Le summum : 17 % de croissance de la masse monétaire en 2020
La BCE a donc renié les principes de gestion monétaire des Trente Glorieuses en laissant totalement filer la masse monétaire ; celle-ci a finalement connu une croissance de 17 % (en plus de l’inflation) en 2020.
Dans les trimestres qui ont suivi, nos économies ont vu le retour historique d’une inflation élevée, bien avant la guerre en Ukraine. En l’espèce, les causes principales étaient à trouver dans l'inadéquation entre l’offre et la demande après la crise du Covid, puis dans l’explosion des prix de l’énergie. Mais la création monétaire n’est cependant pas sans lien avec tout ceci, par exemple, en ayant donné au secteur financier les moyens de spéculer sur les prix de l’énergie, ce qui les a poussés à la hausse.
Un énorme surplus de monnaie depuis 15 ans
Cependant, le besoin de monnaie augmente naturellement avec la croissance économique. L’analyse de M3 exprimée en pourcentage du PIB permet donc de mieux cerner les périodes « anormales ». En effet, cette proportion devrait être relativement stable, et c’est bien ce qui s’est passé durant un quart de siècle, entre 1980 et 2005, où la monnaie représentait environ 70 % du PIB.
Pour les raisons que nous avons évoquées, la masse monétaire a finalement atteint 130 % du PIB avant de récemment reculer quelque peu pour se rapprocher des 120 %. Cela signifie que, pour des raisons de gestion économique à court terme (avec le bénéfice électoral lié), les gouvernements ont laissé le secteur bancaire, d’abord privé puis la BCE, créer un surplus monétaire de 50 % à 70 %. Cela ne pouvait que générer de gros problèmes économiques à long terme.
En retour, la baisse actuelle de la masse monétaire est d’une ampleur rare, inconnue depuis la crise de 1993-1994.
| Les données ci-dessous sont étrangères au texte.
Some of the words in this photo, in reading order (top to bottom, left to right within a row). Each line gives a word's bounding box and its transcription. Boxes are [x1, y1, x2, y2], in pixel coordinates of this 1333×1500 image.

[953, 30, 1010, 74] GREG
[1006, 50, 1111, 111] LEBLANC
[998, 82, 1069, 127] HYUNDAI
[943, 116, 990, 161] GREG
Cette baisse est principalement liée à une destruction de monnaie par la banque centrale. Elle vise ainsi à dégonfler son bilan et à réduire l’inflation. Mais les sommes en jeu sont trop faibles pour avoir beaucoup d’effets visibles. Par ailleurs, en raison de l’inflation élevée, les épargnants transfèrent aussi une partie de leur épargne vers d’autres types d’investissements plus rémunérateurs.
Cela devrait donc impacter l’activité économique dans les trimestres à venir. En effet, la banque centrale crée de la monnaie pour accélérer l’activité ; cette dernière a donc tendance à baisser quand la masse monétaire baisse.
Quel est le lien entre la monnaie et l’inflation ?
Il est difficile de parler en détail de masse monétaire sans parler de sa relation avec le niveau des prix. Le lien entre création monétaire et inflation a en effet toujours fait l’objet de débats passionnés entre économistes, les monétaristes expliquant que l’inflation est toujours causée par l’augmentation de la masse monétaire, d’autres économistes expliquant que ces deux phénomènes n'ont pas le moindre lien.